Climate data for Haimen, elevation 3 m (9.8 ft), (1991–2020 normals, extremes 1981–present)
| Month | Jan | Feb | Mar | Apr | May | Jun | Jul | Aug | Sep | Oct | Nov | Dec | Year |
| Record high °C (°F) | 20.1 (68.2) | 25.5 (77.9) | 32.5 (90.5) | 32.8 (91.0) | 34.1 (93.4) | 36.8 (98.2) | 38.0 (100.4) | 39.7 (103.5) | 37.1 (98.8) | 32.6 (90.7) | 27.9 (82.2) | 21.9 (71.4) | 39.7 (103.5) |
| Mean daily maximum °C (°F) | 7.5 (45.5) | 9.6 (49.3) | 13.9 (57.0) | 19.8 (67.6) | 25.1 (77.2) | 27.8 (82.0) | 31.8 (89.2) | 31.4 (88.5) | 27.6 (81.7) | 22.8 (73.0) | 16.9 (62.4) | 10.3 (50.5) | 20.4 (68.7) |
| Daily mean °C (°F) | 3.5 (38.3) | 5.2 (41.4) | 9.2 (48.6) | 14.6 (58.3) | 20.0 (68.0) | 23.7 (74.7) | 27.9 (82.2) | 27.4 (81.3) | 23.3 (73.9) | 18.0 (64.4) | 12.2 (54.0) | 5.9 (42.6) | 15.9 (60.6) |
| Mean daily minimum °C (°F) | 0.3 (32.5) | 1.7 (35.1) | 5.2 (41.4) | 10.0 (50.0) | 15.7 (60.3) | 20.4 (68.7) | 24.7 (76.5) | 24.5 (76.1) | 19.9 (67.8) | 14.0 (57.2) | 8.3 (46.9) | 2.3 (36.1) | 12.3 (54.1) |
| Record low °C (°F) | −9.4 (15.1) | −7.1 (19.2) | −3.8 (25.2) | −1.0 (30.2) | 5.5 (41.9) | 11.1 (52.0) | 16.9 (62.4) | 16.1 (61.0) | 10.7 (51.3) | 3.0 (37.4) | −2.9 (26.8) | −8.5 (16.7) | −9.4 (15.1) |
| Average precipitation mm (inches) | 56.6 (2.23) | 53.3 (2.10) | 74.0 (2.91) | 69.0 (2.72) | 84.1 (3.31) | 210.1 (8.27) | 162.5 (6.40) | 192.4 (7.57) | 100 (3.9) | 55.2 (2.17) | 53.4 (2.10) | 37.8 (1.49) | 1,148.4 (45.17) |
| Average precipitation days (≥ 0.1 mm) | 9.7 | 9.5 | 11.0 | 10.7 | 11.0 | 13.3 | 12.4 | 12.5 | 9.5 | 7.3 | 8.7 | 7.8 | 123.4 |
| Average snowy days | 2.2 | 1.8 | 0.7 | 0 | 0 | 0 | 0 | 0 | 0 | 0 | 0.1 | 0.7 | 5.5 |
| Average relative humidity (%) | 77 | 78 | 77 | 77 | 77 | 82 | 82 | 84 | 82 | 78 | 78 | 75 | 79 |
| Mean monthly sunshine hours | 128.3 | 128.2 | 154.6 | 179.5 | 189.1 | 139.2 | 195.3 | 209.7 | 180.6 | 176.5 | 145.9 | 145.1 | 1,972 |
| Percentage possible sunshine | 40 | 41 | 42 | 46 | 44 | 33 | 45 | 51 | 49 | 51 | 47 | 47 | 45 |
Source: China Meteorological Administration

=== Parks ===

- Jianghai garden

==Administrative divisions==
Haimen is divided into twenty-one towns and one township, the pene-exclave of Haiyong on Chongming.

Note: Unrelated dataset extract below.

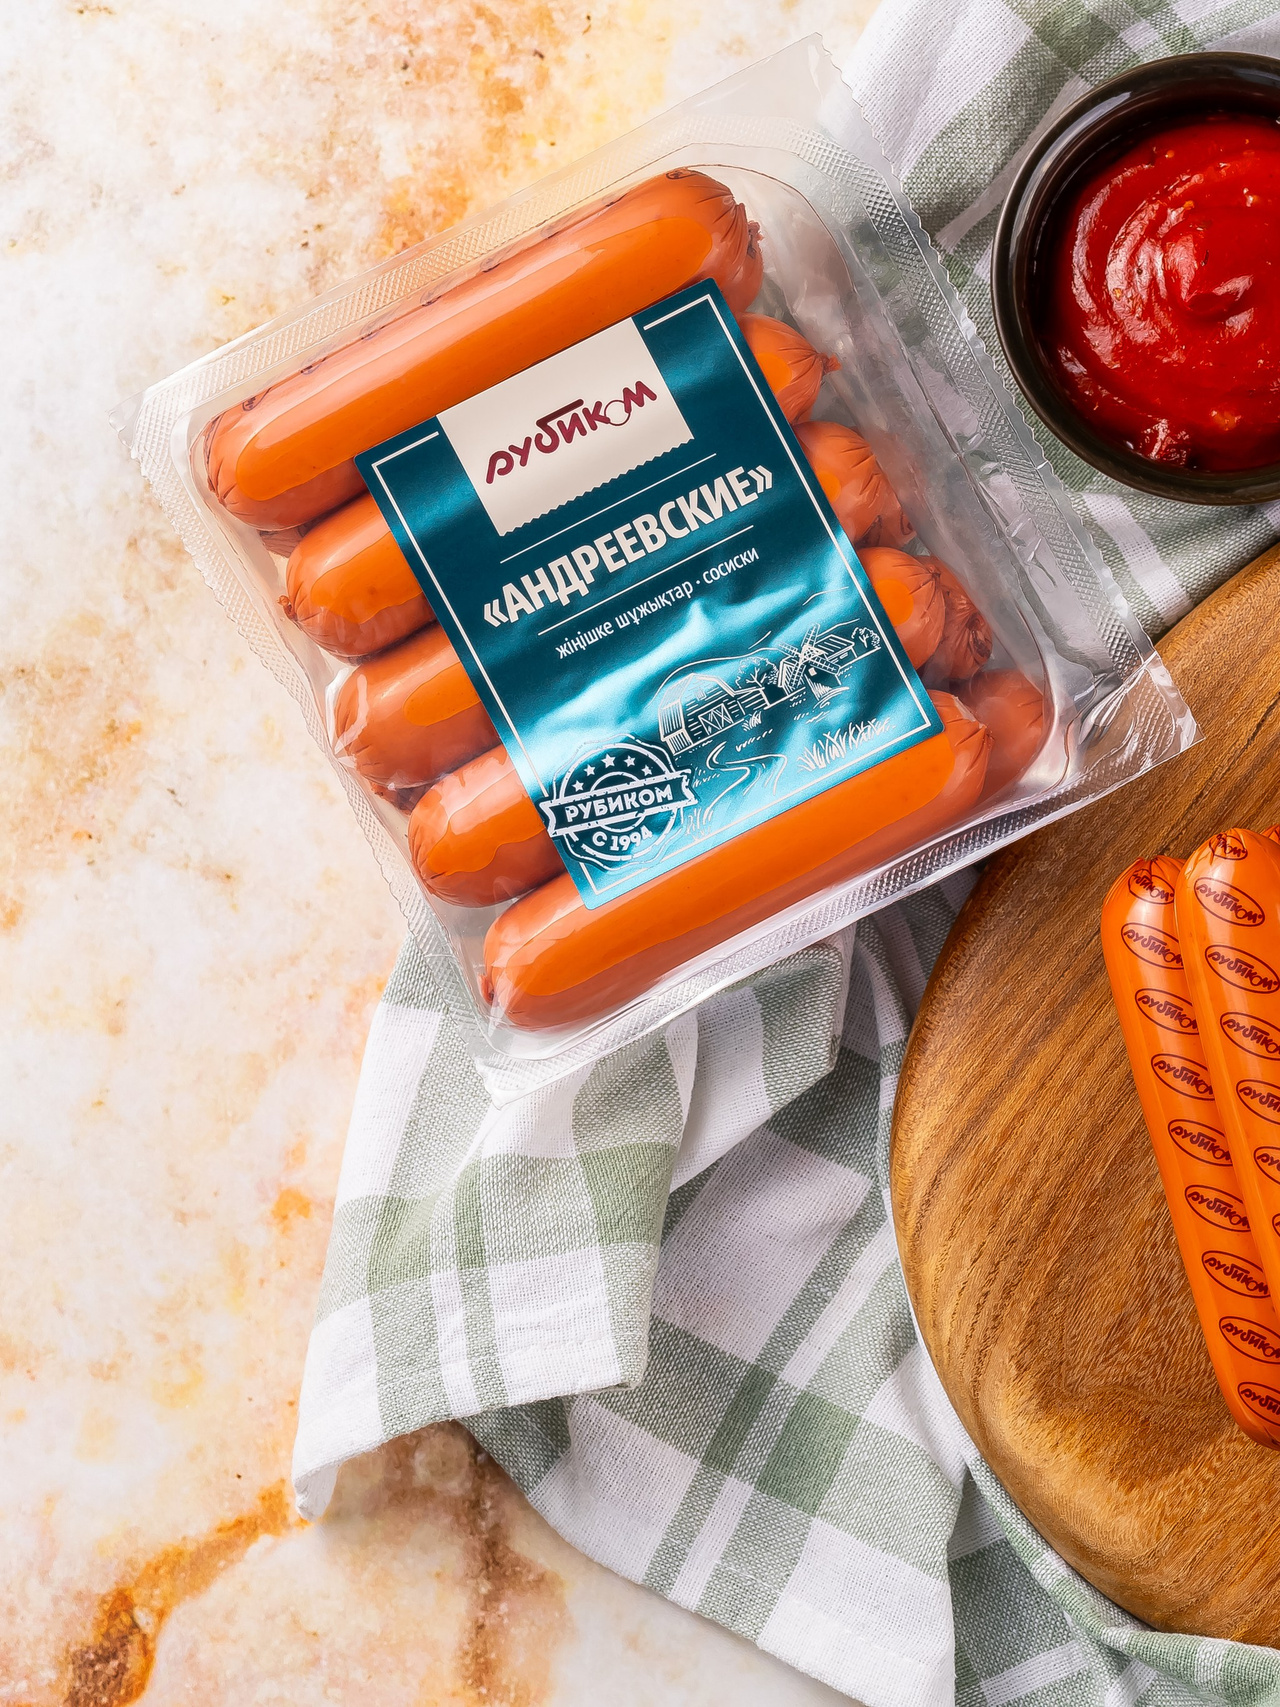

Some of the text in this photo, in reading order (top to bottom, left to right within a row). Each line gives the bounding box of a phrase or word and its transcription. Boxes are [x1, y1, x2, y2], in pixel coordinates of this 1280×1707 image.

These towns are further divided into 231 villages and three fish villages.

- 21 towns

- Haimen (海门镇)
- Sanxing (三星镇)
- Desheng (德胜镇)
- Sanchang (三厂镇)
- Changle (常乐镇)
- Qilin (麒麟镇)
- Yuelai (悦来镇)
- Wannian (万年镇)
- Sanyang (三阳镇)
- Sijia (四甲镇)
- Huolong (货隆镇)
- Yudong (余东镇)
- Zhengyu (正余镇)
- Baochang (包场镇)
- Liuhao (刘浩镇)
- Linjiang (临江镇)
- Wanghao (王浩镇)
- Shuxun (树勋镇)
- Dongzaogang (东灶港镇)

- 1 township
- Haiyong (海永乡)
- It is only township and its area is 9 km^{2} (3.5 sq mi). It is pene-enclave on Chongming Island, most of which belongs to Shanghai.

==Transport==
With easy access to the Sea and Yangtze River, transportation is very convenient. Less than 2 hours driving distance to Shanghai Pudong International Airport, about 40 mins driving distance to Nantong Xingdong Airport and Nantong Railway Station, which has high speed bullet train. There are multiple entries to the national Highway system, e.g. G40 Expressway.
Close to Port of Nantong, Haimen is currently developing its own county level sea port in DongZaoGang town. There is an easy access to Sutong Yangtze River Bridge to cross the Yangtze, as well as ferry service.

Haimen railway station opened in 2019 as an intermediate stop on the Nanjing–Qidong railway.